## Task details
Lines before the one containing "Some of the words" are not copied; that line and every one after it, through the end of the material below, are printed exactly, without pictures.
§
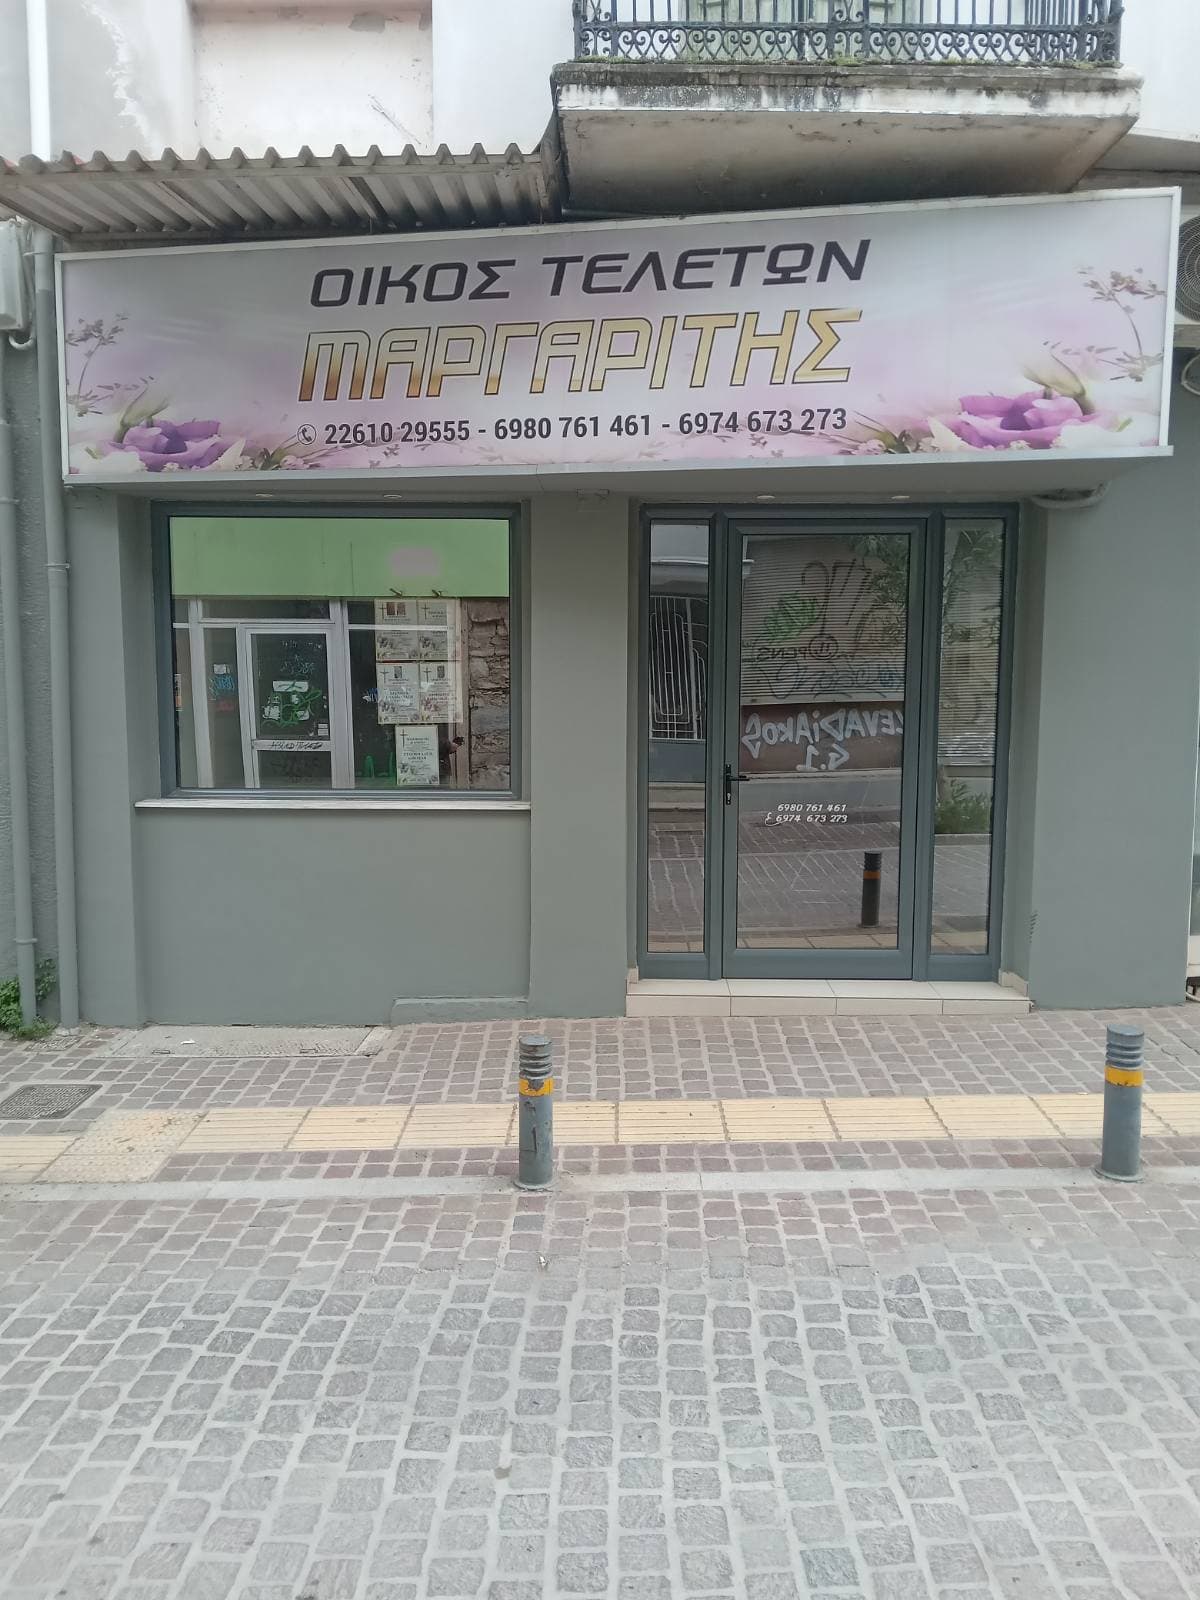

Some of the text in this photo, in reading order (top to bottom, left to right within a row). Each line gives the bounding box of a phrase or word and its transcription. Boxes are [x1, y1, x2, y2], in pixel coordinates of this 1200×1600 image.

[311, 238, 870, 308] ΟΙΚΟΣ ΤΕΛΕΤΩΝ
[298, 308, 862, 402] ΜΑΡΓΑΡΙΤΗΣ
[325, 422, 393, 446] 22610
[400, 420, 470, 443] 29555
[494, 417, 551, 440] 6980
[558, 416, 599, 438] 761
[609, 414, 650, 436] 461
[679, 411, 739, 435] 6974
[747, 409, 792, 433] 673
[801, 408, 846, 431] 273
[776, 814, 848, 823] 6974 673 273
[777, 803, 847, 812] 6980 761 461
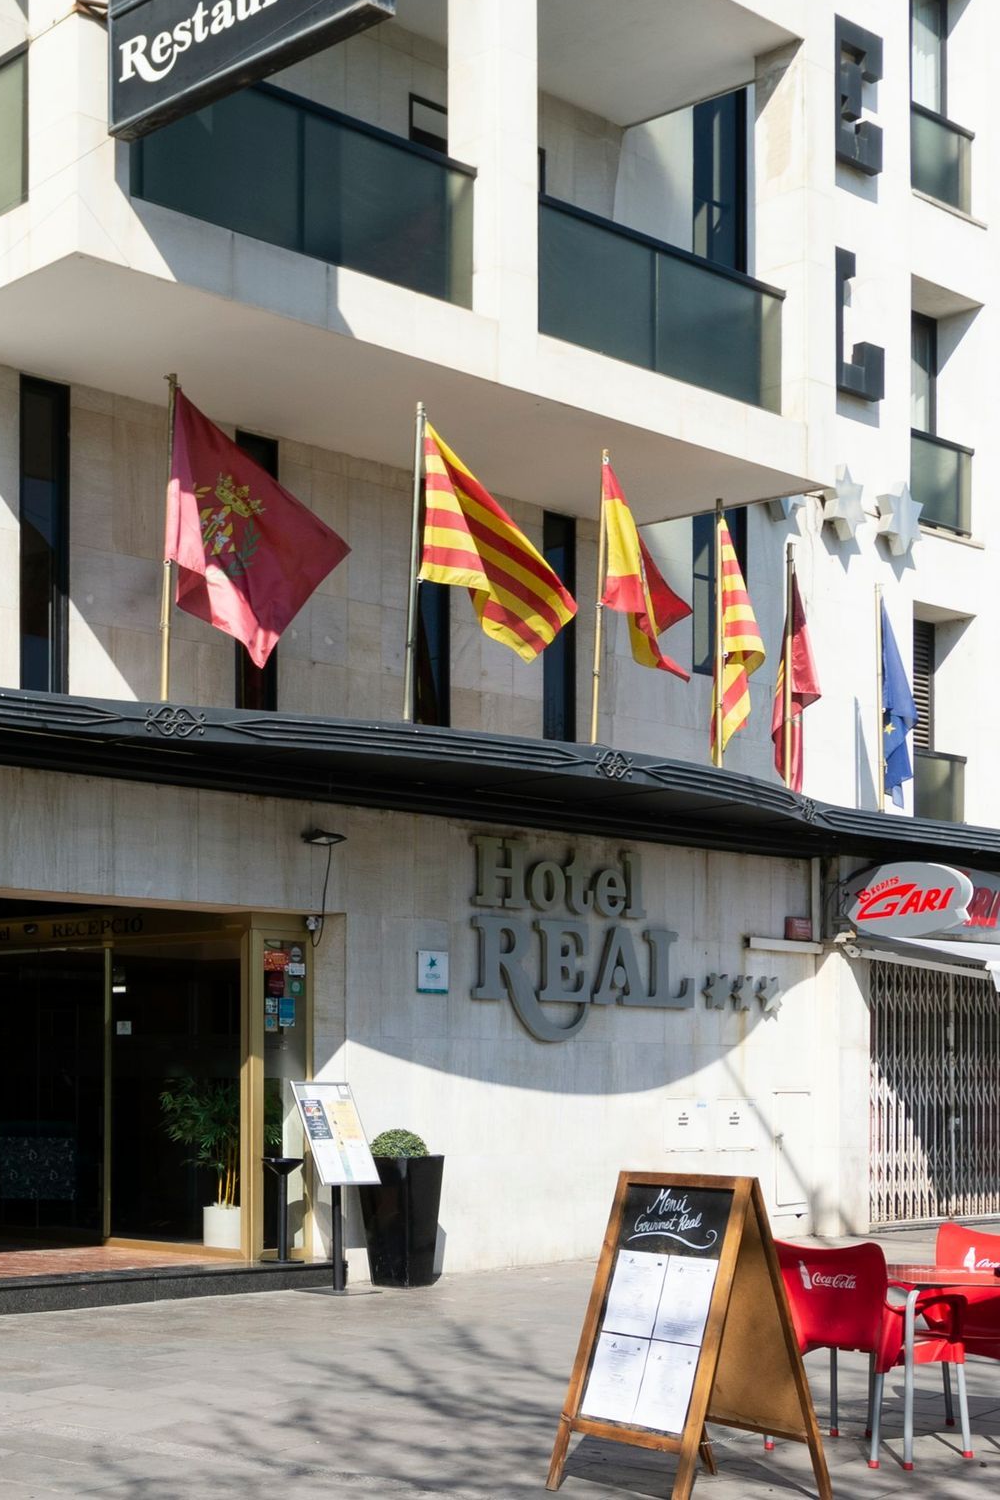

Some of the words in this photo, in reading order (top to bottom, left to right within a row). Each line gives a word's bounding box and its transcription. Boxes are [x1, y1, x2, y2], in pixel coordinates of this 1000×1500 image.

[471, 835, 648, 919] Hotel
[856, 883, 955, 921] GARI
[51, 913, 144, 938] RECEPCIÓ
[470, 914, 696, 1043] REAL
[646, 1188, 692, 1215] Menú
[634, 1213, 676, 1232] Gourmet
[677, 1212, 703, 1232] Real
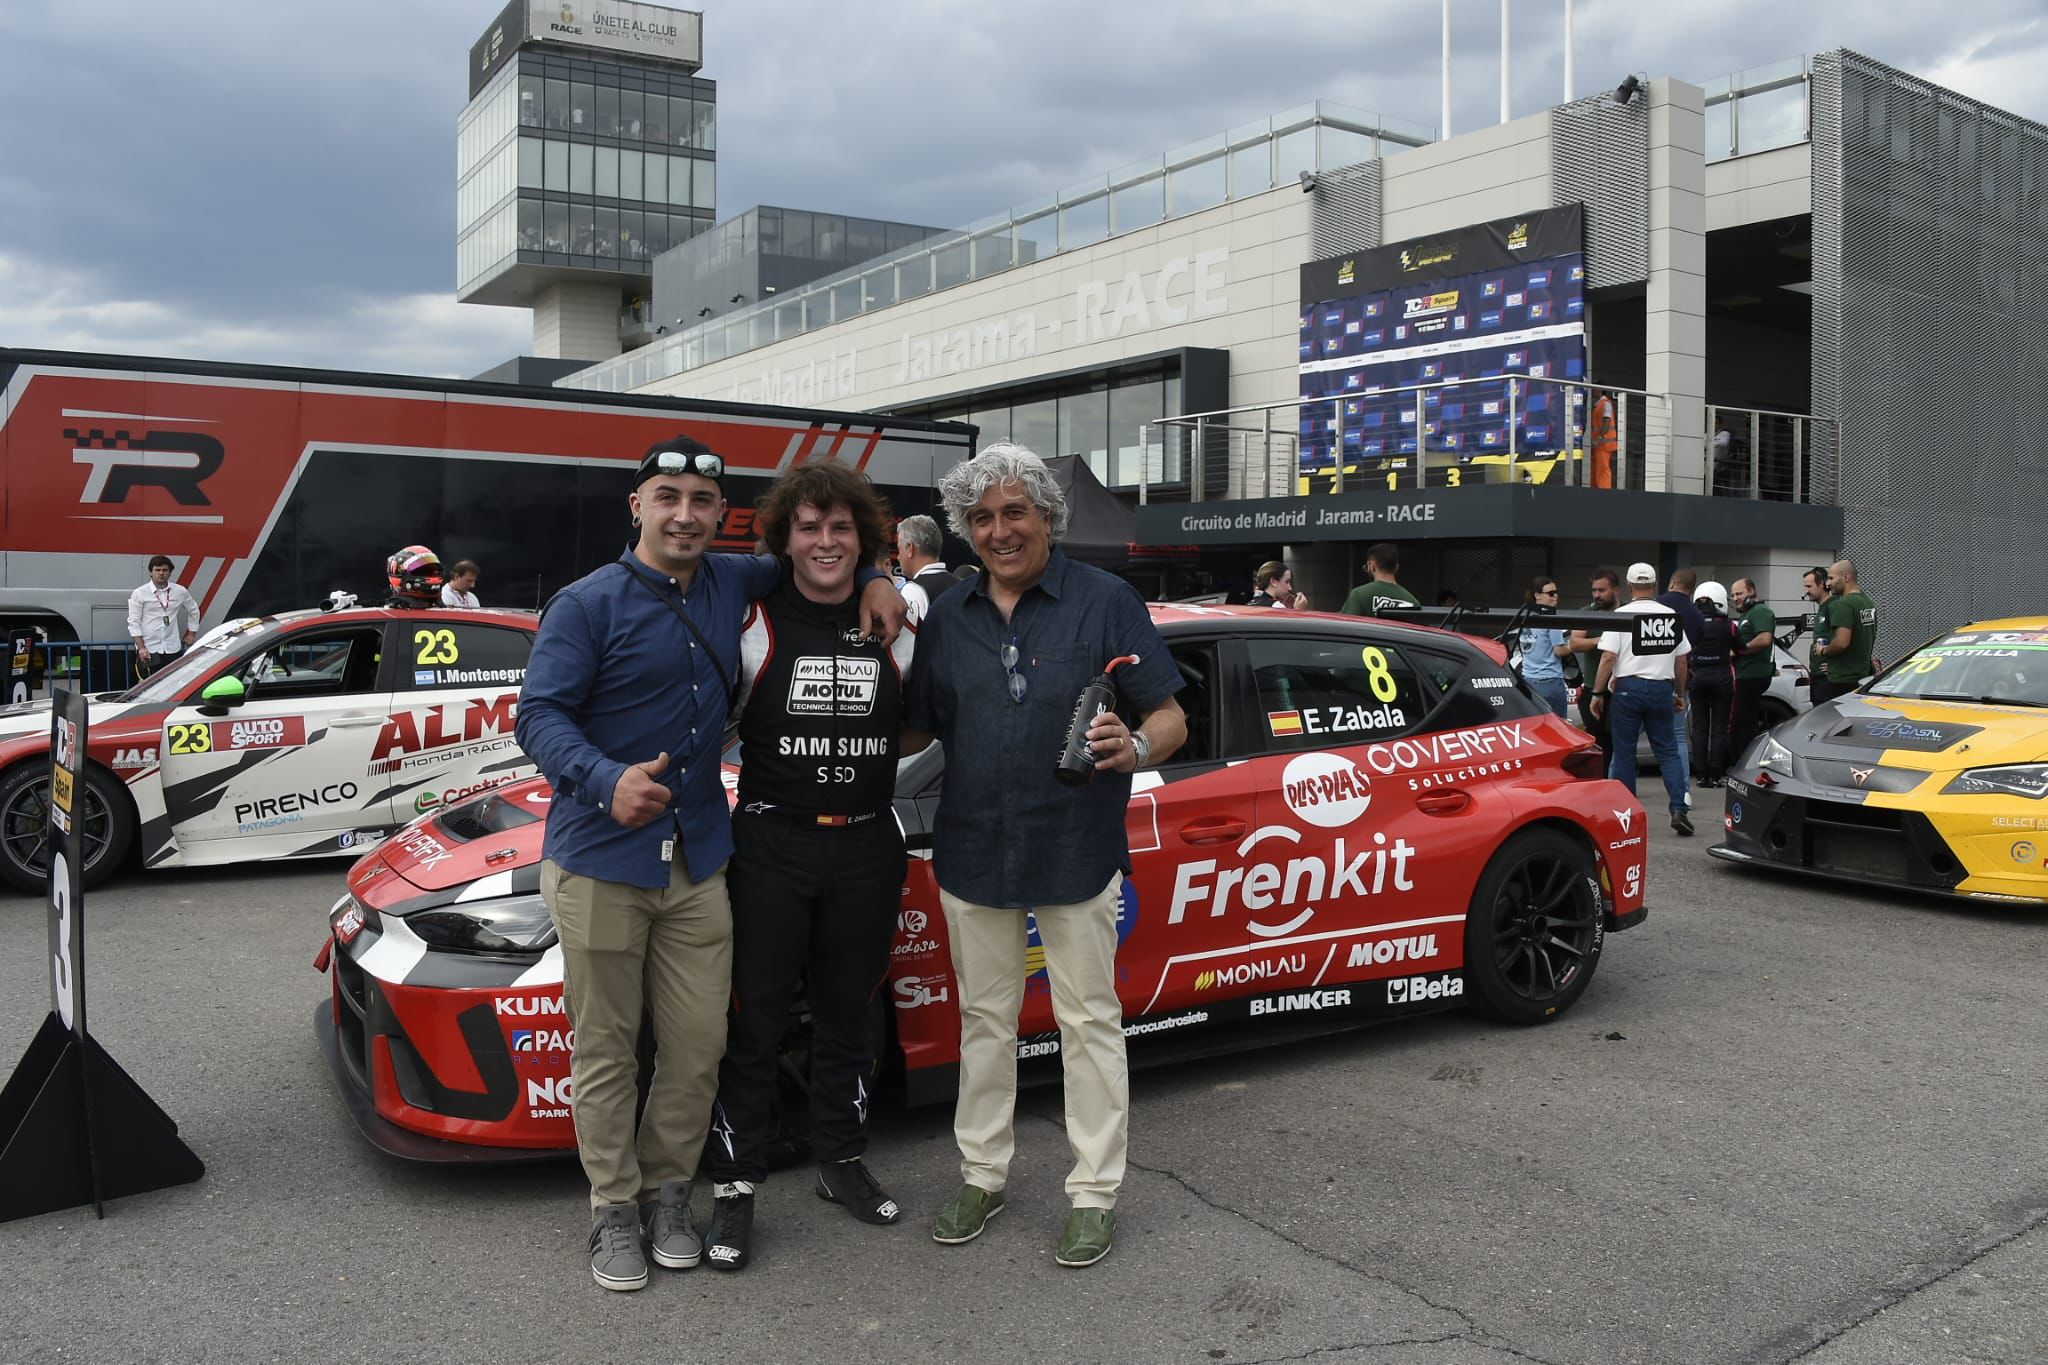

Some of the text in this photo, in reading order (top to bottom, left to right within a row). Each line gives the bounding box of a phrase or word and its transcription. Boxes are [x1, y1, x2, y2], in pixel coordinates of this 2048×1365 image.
§
## Answer to this problem
Some of the words in this photo, in reading order (top to bottom, left to right within a row). Each line gives a word's bounding box and its transcription. Boxes are [x1, y1, x2, y2], in pixel coordinates of this 1000×1500 image.

[471, 835, 648, 919] Hotel
[856, 883, 955, 921] GARI
[51, 913, 144, 938] RECEPCIÓ
[470, 914, 696, 1043] REAL
[646, 1188, 692, 1215] Menú
[634, 1213, 676, 1232] Gourmet
[677, 1212, 703, 1232] Real

Some of the text in this photo, in reading order (top to bottom, left to right within a row). Each line gives the bounding box of a phrase or word and its transcription. Boxes are [x1, y1, x2, y2], in pixel coordinates of this 2048×1365 image.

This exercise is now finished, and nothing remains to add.